Abstract

A successful pregnancy is characterised by an increase in Th2 cytokines and suppression of Th1 cytokine production. A Th1 to Th2 cytokine shift is also observed in the disease progression of HIV infection. Highly active antiretroviral therapy (HAART) suppresses HIV viremia, increases CD4+ cell counts and counteracts the Th1 to Th2 shift. We hypothesised that the increased risk of premature delivery reported in HIV-infected, HAART-treated pregnant women is mediated through changes in the cytokine environment in pregnancy. Here, we present results relating to levels of interleukin (IL)-2 (Th1) and IL-10 (Th2) in peripheral blood mononuclear cells (PBMCs) measured three times during pregnancy in 49 HIV-infected women. Slope values representing the trend of repeated cytokine (IL-2-PHA, IL-2-Env, IL-10-PHA and IL-10-Env) measurements within women during pregnancy were estimated and median values compared by prematurity and HAART use.
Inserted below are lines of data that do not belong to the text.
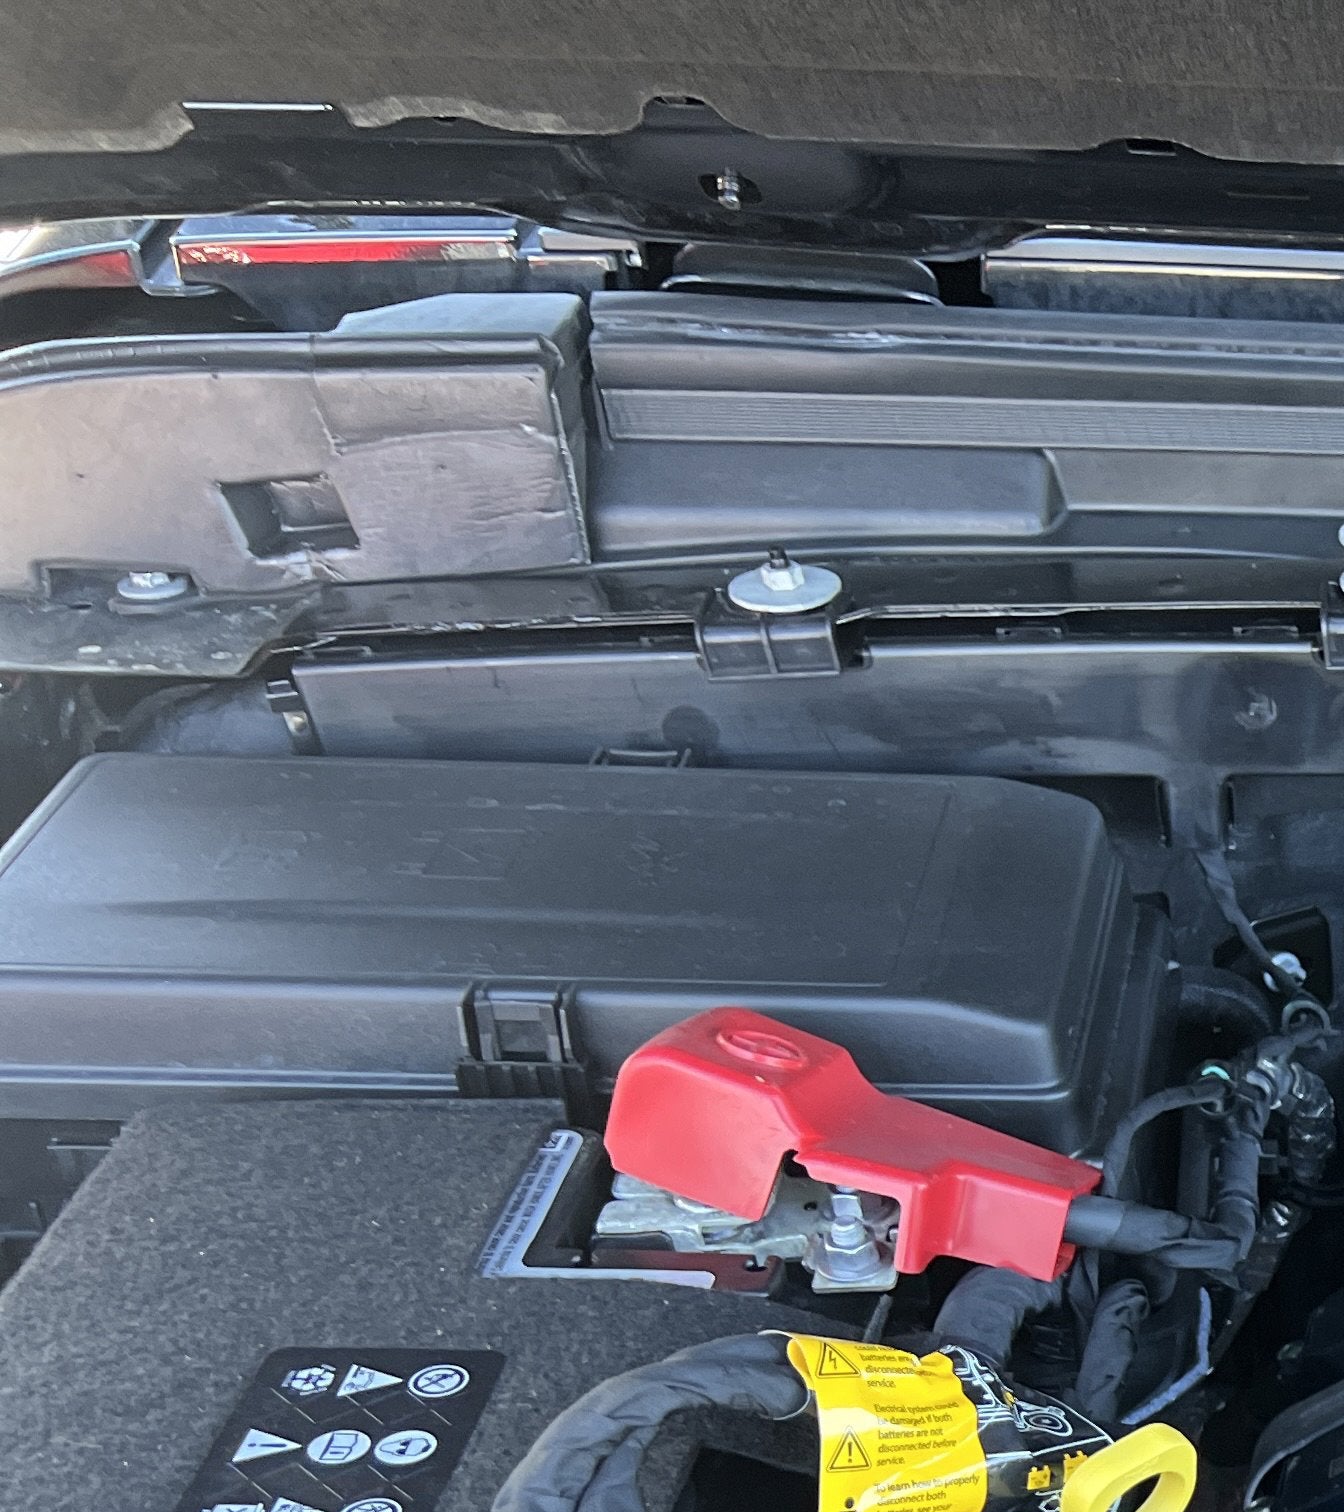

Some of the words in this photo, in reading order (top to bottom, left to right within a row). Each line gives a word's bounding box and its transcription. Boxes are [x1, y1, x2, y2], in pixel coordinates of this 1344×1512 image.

[874, 1403, 906, 1413] Electrical
[878, 1430, 915, 1440] batteries
[930, 1428, 944, 1437] not
[878, 1440, 931, 1453] disconnected
[932, 1439, 957, 1449] before
[887, 1482, 911, 1492] learn
[944, 1473, 980, 1489] properly
[877, 1495, 924, 1507] disconnect
[926, 1490, 947, 1502] both
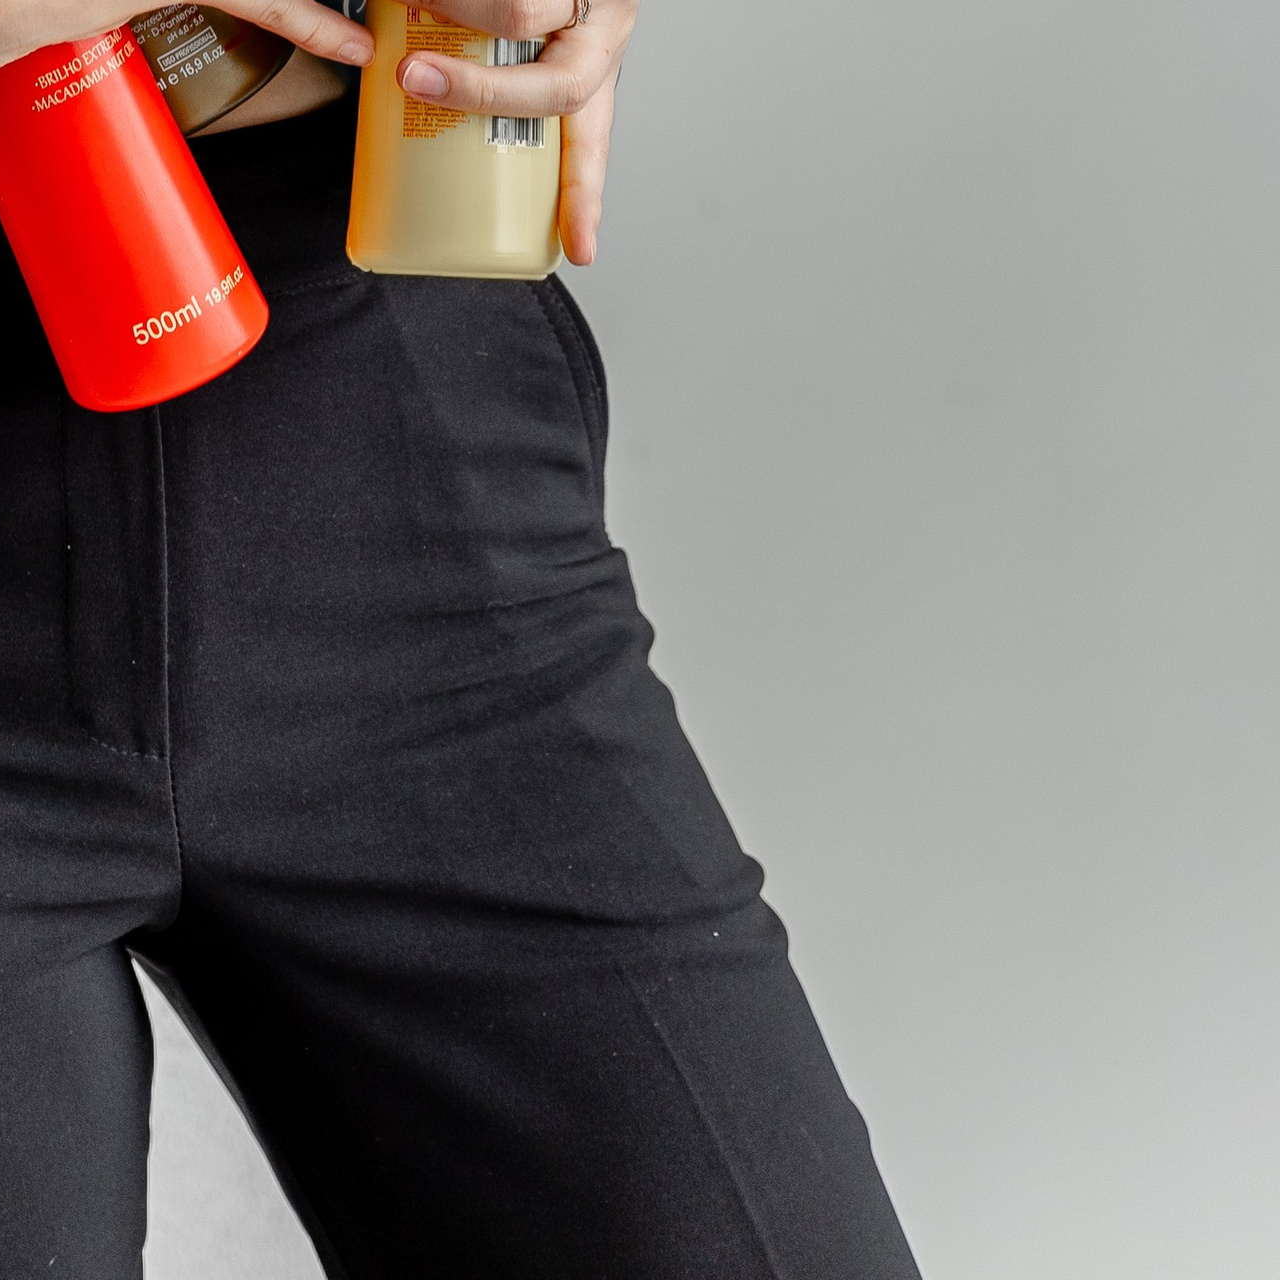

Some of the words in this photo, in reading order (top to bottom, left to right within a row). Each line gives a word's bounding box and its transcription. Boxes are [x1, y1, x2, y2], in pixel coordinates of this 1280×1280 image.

[106, 49, 126, 73] NUT
[180, 57, 203, 79] 16,9
[132, 295, 202, 346] 500ml
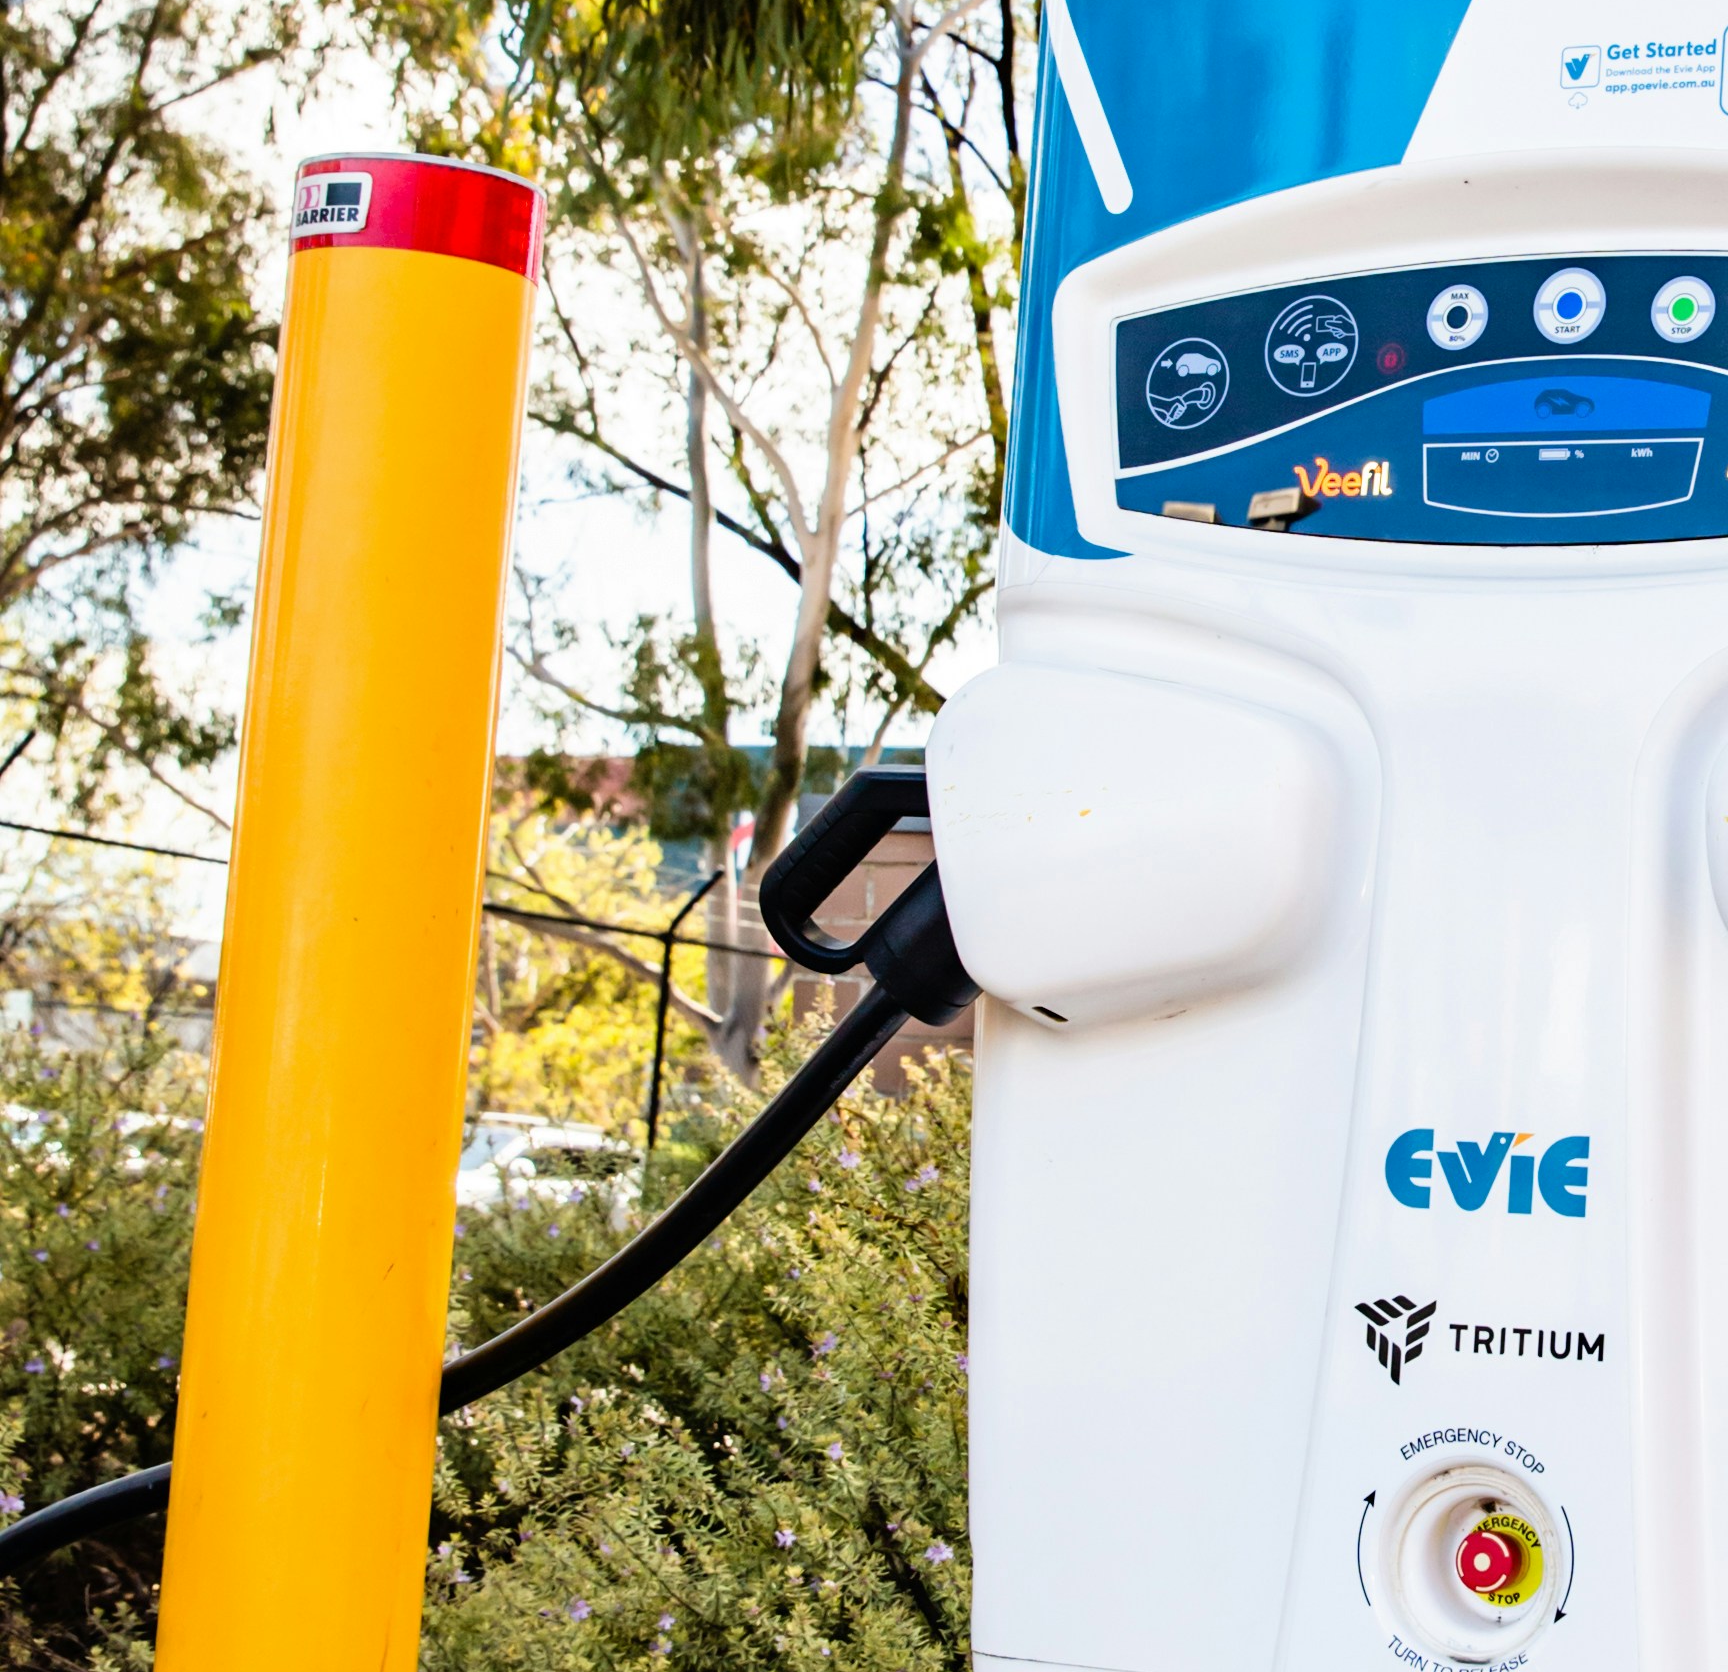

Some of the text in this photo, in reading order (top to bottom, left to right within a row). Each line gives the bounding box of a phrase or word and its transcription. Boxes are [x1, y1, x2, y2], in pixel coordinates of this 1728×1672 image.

Multiple regression adjusted for HAART and cytokine slope clarified the additional and independent effect of HAART on prematurity risk. Results showed favourable immunomodulation induced by HAART with increased IL-2 and decreased IL-10. HAART use and IL-10-Env slopes were not significantly associated with prematurity risk, but each unit increase in IL-2-PHA slope was associated with an 8% increased risk of premature delivery (AOR, 1.08; 95% CI, 1.0–1.17; p = 0.005). HAART use in pregnancy provides significant benefits in delaying HIV disease progression and reducing the risk of mother-to-child-transmission, but may be counterproductive in terms of successful pregnancy outcome.